» **WHAT IS NEEDED**:
What you write must match the records exactly, except for the images, which are left out.

[Stored data entries]
※

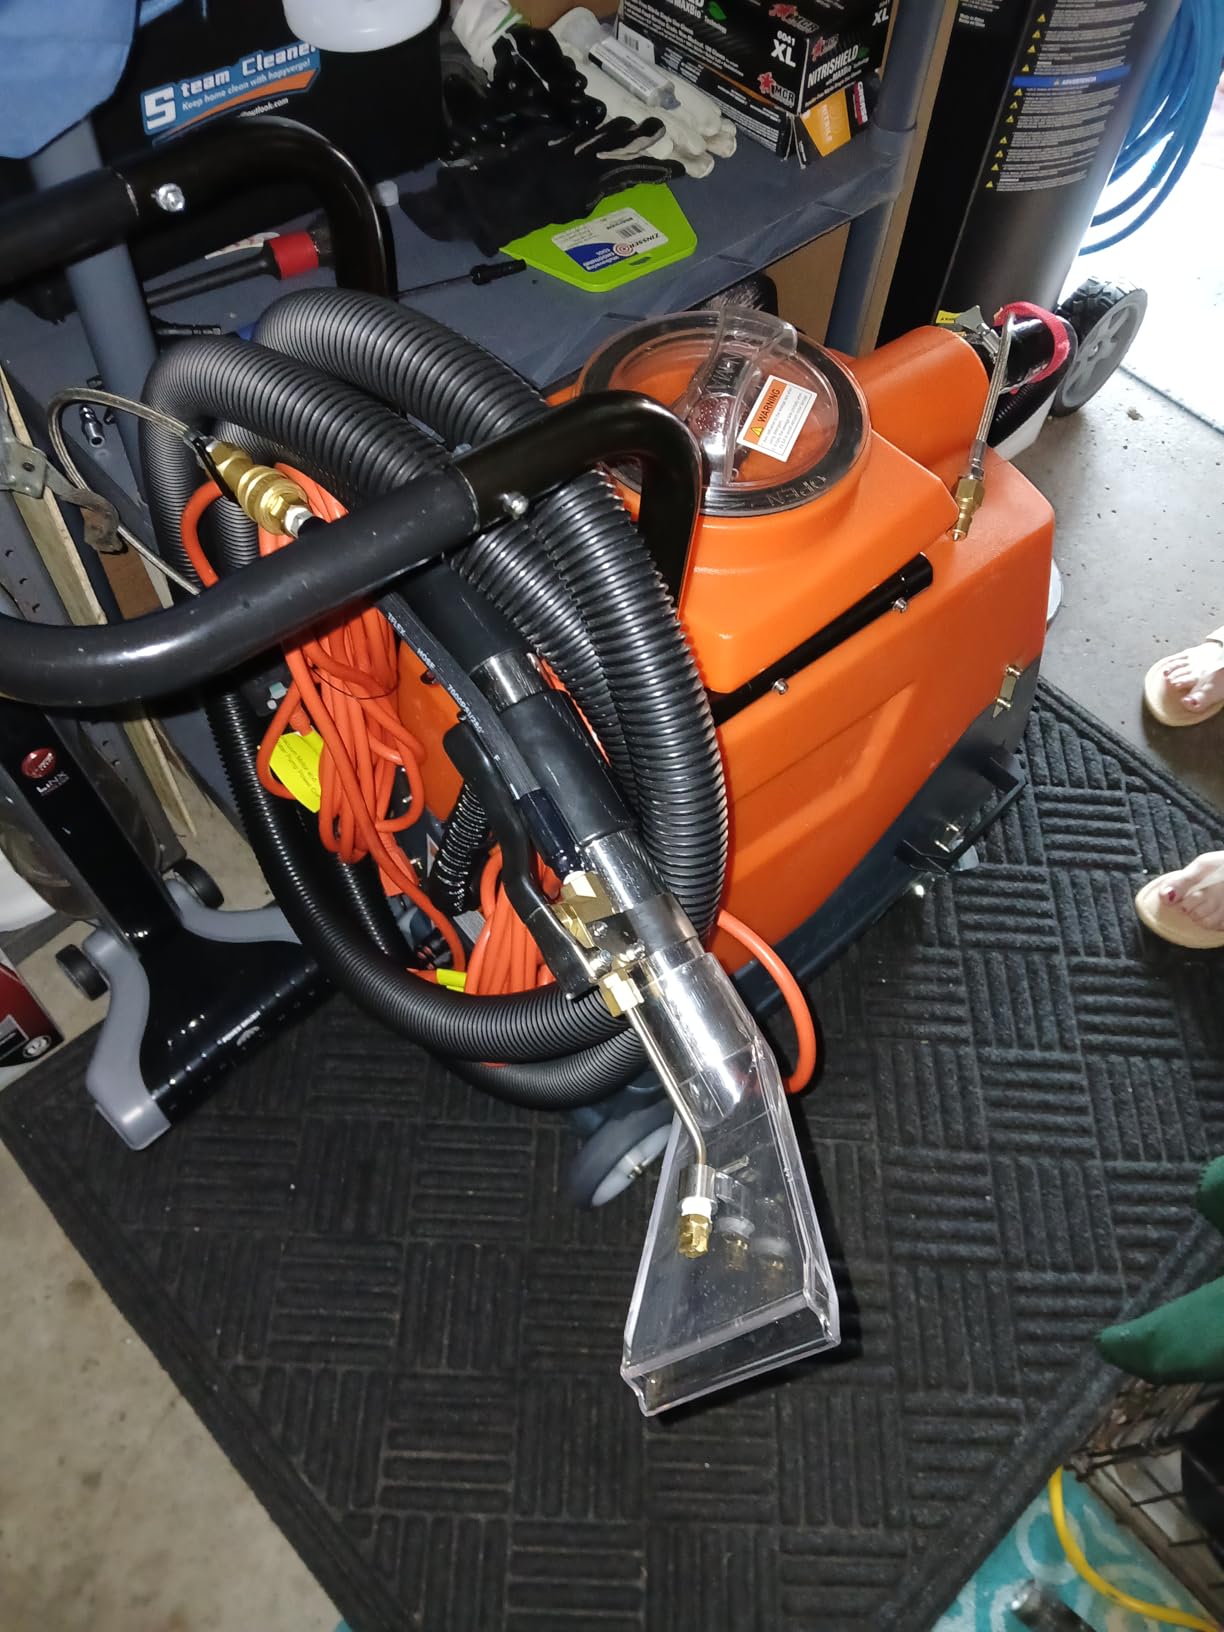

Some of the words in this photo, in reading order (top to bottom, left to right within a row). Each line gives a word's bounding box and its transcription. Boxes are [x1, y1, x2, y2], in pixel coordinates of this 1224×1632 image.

[872, 8, 889, 26] XL
[777, 30, 795, 47] 6041
[771, 39, 796, 68] XL
[807, 45, 858, 88] NITRISHIELD
[182, 98, 203, 111] Keep
[204, 90, 226, 103] home
[227, 80, 249, 95] clean
[774, 84, 795, 102] MCR
[757, 388, 780, 423] WARNING

※

» **WRITTEN RESPONSE**:
Some of the words in this photo, in reading order (top to bottom, left to right within a row). Each line gives a word's bounding box and its transcription. Boxes are [x1, y1, x2, y2], in pixel coordinates of this 1224×1632 image.

[872, 8, 889, 26] XL
[777, 30, 795, 47] 6041
[771, 39, 796, 68] XL
[807, 45, 858, 88] NITRISHIELD
[182, 98, 203, 111] Keep
[204, 90, 226, 103] home
[227, 80, 249, 95] clean
[774, 84, 795, 102] MCR
[757, 388, 780, 423] WARNING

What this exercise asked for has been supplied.